La giornata parlamentare – 7 febbraio

La giornata parlamentare – 7 febbraio

Renzi come Berlusconi, se nessuno ha numeri tornare voto

L’obiettivo di Matteo Renzi non cambia, il Partito Democraticopunta ad essere il primo gruppo in Parlamento per poter dare le carte sulla scelta del prossimi Presidente del Consiglio e quindi del prossimo Governo. Una possibilità su cui il segretario dem crede molto anche se ieri ha dichiarato di pensarla come Silvio Berlusconi: “se non ci sono le condizioni, se nessuno ha i numeri, si torni a votare”.

Sondaggi alla mano e considerate le complessità della legge elettorale, gli scenari sono molti. Al momento l’ipotesi che va per la maggiore è quella che vede il centro destra vincente, ma senza maggioranza, il Movimento 5 Stelle primo partito e il Partito Democratico primo partito in Parlamento (il numero di deputati e senatori eletti del resto dipende dai collegi vinti ed i pentastellati secondo le stime ne prenderebbero solamente una manciata).

Tutti vincitori, insomma, ma nessuna maggioranza possibile. A meno di larghe coalizioni, che comunque dovranno essere supportate dai numeri, tra Pd e Fi o M5S e la Lega di Salvini. Un’ipotesi quest’ultima che agita non poco la compattezza del centro destrae che Matteo Renzi utilizza quotidianamente per attaccare Luigi Di Maio.

Ogni leader dice la sua e gioca la sua battaglia

Intanto ognuno gioca la sua battaglia. Matteo Renzi ha rinnovato il suo appello ai moderati nel tentativo di recuperare quei 2-3 punti percentuali decisivi e sottolineato, ancora una volta, il rischio che un elettore di sinistra correrebbe nel votare Liberi e Uguali. Secondo il segretario dem infatti un voto al partito di Massimo D’Alema non farebbe altro che avvicinale Matteo Salvini al Governo del Paese.

Silvio Berlusconi, dal canto suo, ha provatoi a tranquillizzare gli storici elettori azzurri e non solo: “Salvini talvolta usa dei toni ed ha uno stile che non sono i nostri, ma nei fatti lui e il suo partito sono interlocutori pragmatici, concreti, leali. In ogni caso sarà la presenza forte, trainante, di Forza Italia a garantire un governo serio e responsabile”. Parole rassicuranti, ma che non danno comunque la certezza che Fi insegua, il giorno dopo il voto, l’orizzonte di una grande coalizione con il Pd.

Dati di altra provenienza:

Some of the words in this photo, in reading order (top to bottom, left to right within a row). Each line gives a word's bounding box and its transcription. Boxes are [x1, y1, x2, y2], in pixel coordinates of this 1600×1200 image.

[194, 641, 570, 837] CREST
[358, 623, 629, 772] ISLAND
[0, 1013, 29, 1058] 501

Giorgia Meloni ha ribadito che: “O vince il centro destra, unica coalizione in grado di farlo, o sarà il caos: non ci sono altre possibilità. Se non vinciamo noi, o ci sarà l’inciucio o si tornerà a votare. E tra queste due ipotesi tornerei a votare tutta la vita”.

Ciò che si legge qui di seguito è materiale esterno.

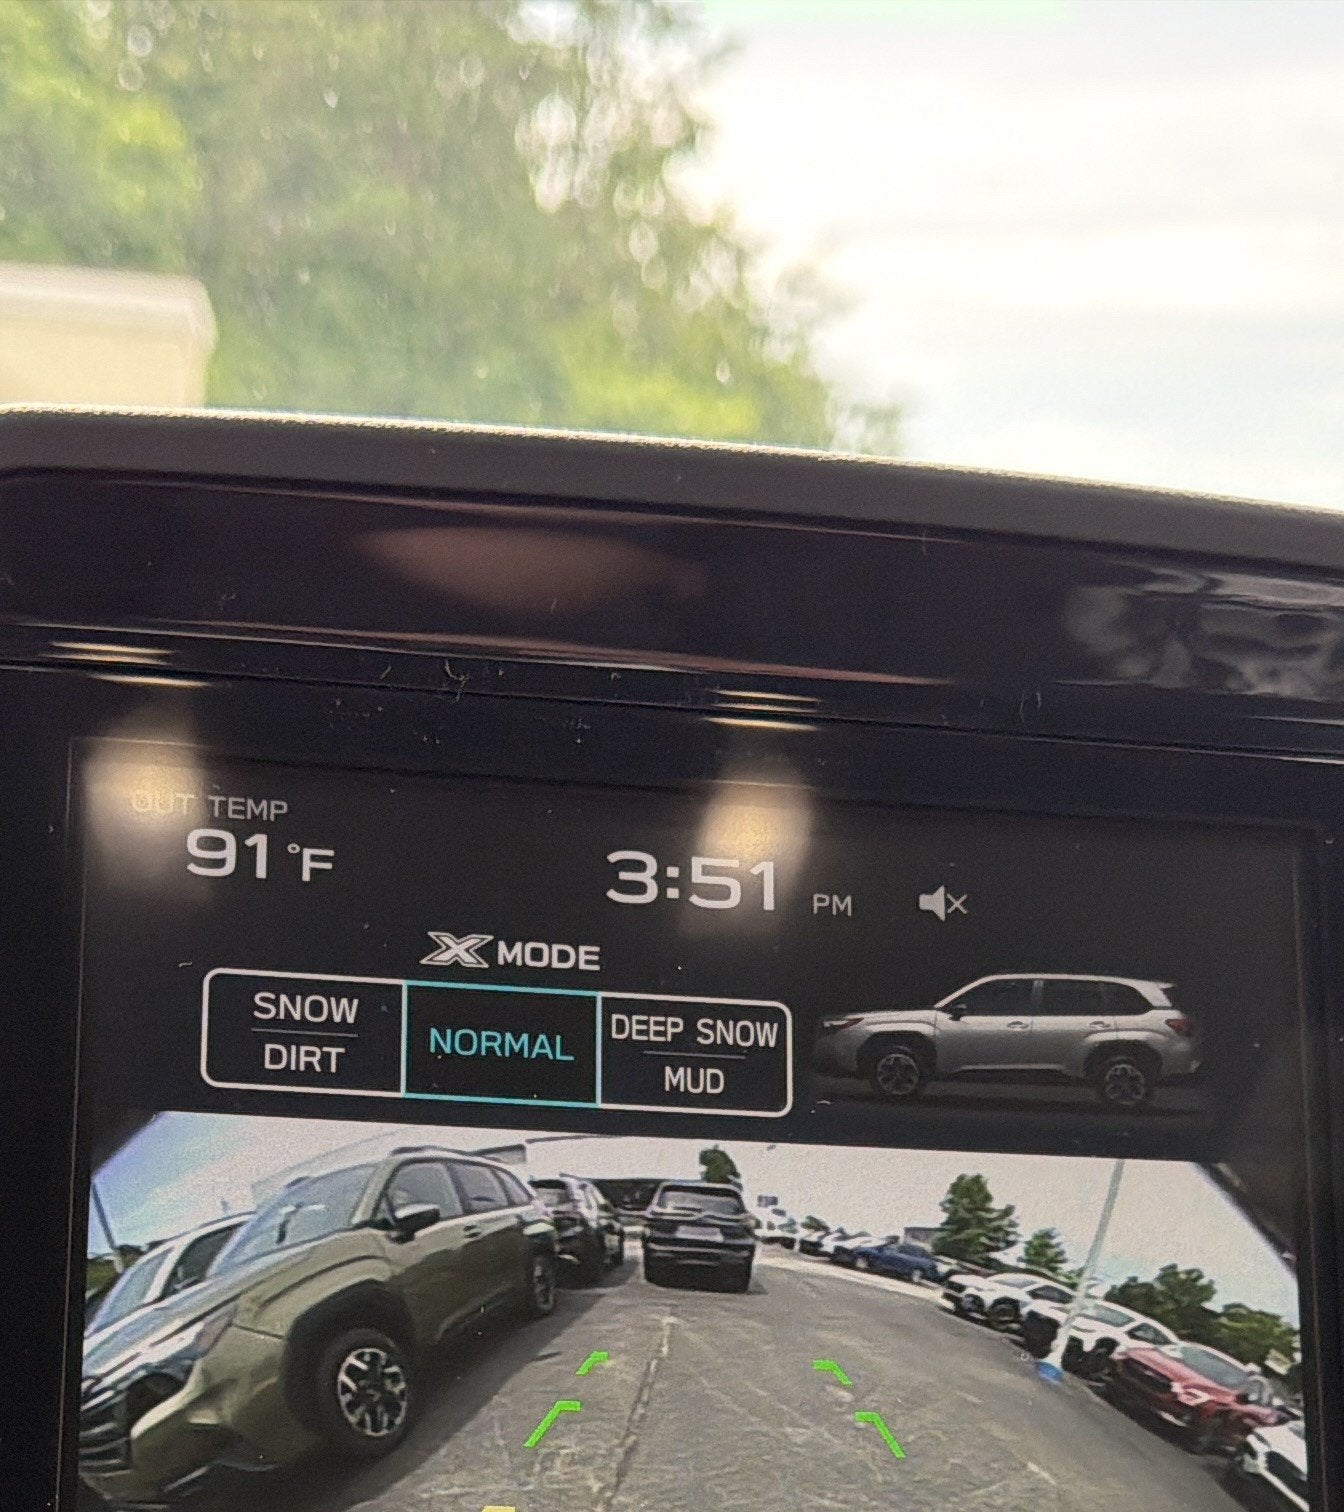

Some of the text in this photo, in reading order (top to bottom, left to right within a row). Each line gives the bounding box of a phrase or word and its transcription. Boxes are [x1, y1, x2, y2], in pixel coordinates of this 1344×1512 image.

[131, 790, 288, 822] OUT TEMP
[186, 828, 268, 879] 91
[605, 850, 853, 917] 3:51 PM
[497, 939, 601, 971] MODE
[252, 991, 359, 1024] SNOW
[429, 1027, 575, 1061] NORMAL
[610, 1013, 778, 1048] DEEP SNOW
[264, 1043, 346, 1073] DIRT
[664, 1065, 725, 1094] MUD

Ombra hacker sul voto. Violato il sito Pd di Firenze e preso il pirata anti Rousseau

Nel giorno in cui la Polizia Postale identifica “Evariste Galois”, l’hacker che, la scorsa estate violò la piattaforma Rousseau, è il sito del Partito Democratico di Firenze a finire sotto attacco del gruppo AnonPlus, che mette online i dati di tutti gli iscritti, incluso il segretario Matteo Renzi. E ad essere trafugati risultano essere 2.652 file contenenti diversi informazioni personali: da quelle anagrafiche ai numeri di telefono.

Nessun commento, finora, da Matteo Renzi, che tuttavia sembra minimizzare l’accaduto facendo sapere che ad essere stato acquisito è il suo vecchio numero di cellulare e il numero della sua segreteria quando era sindaco di Firenze. Veemente, invece, la reazione del Movimento 5 Stelle alla notizia dell’individuazione di uno dei due hacker che, a inizio agosto, misero letteralmente in crisi la sicurezza di Rousseau. “Sono operazioni criminali, chi ha voluto colpire Rousseau lo ha fatto a fini politici”, sottolinea Davide Casaleggio.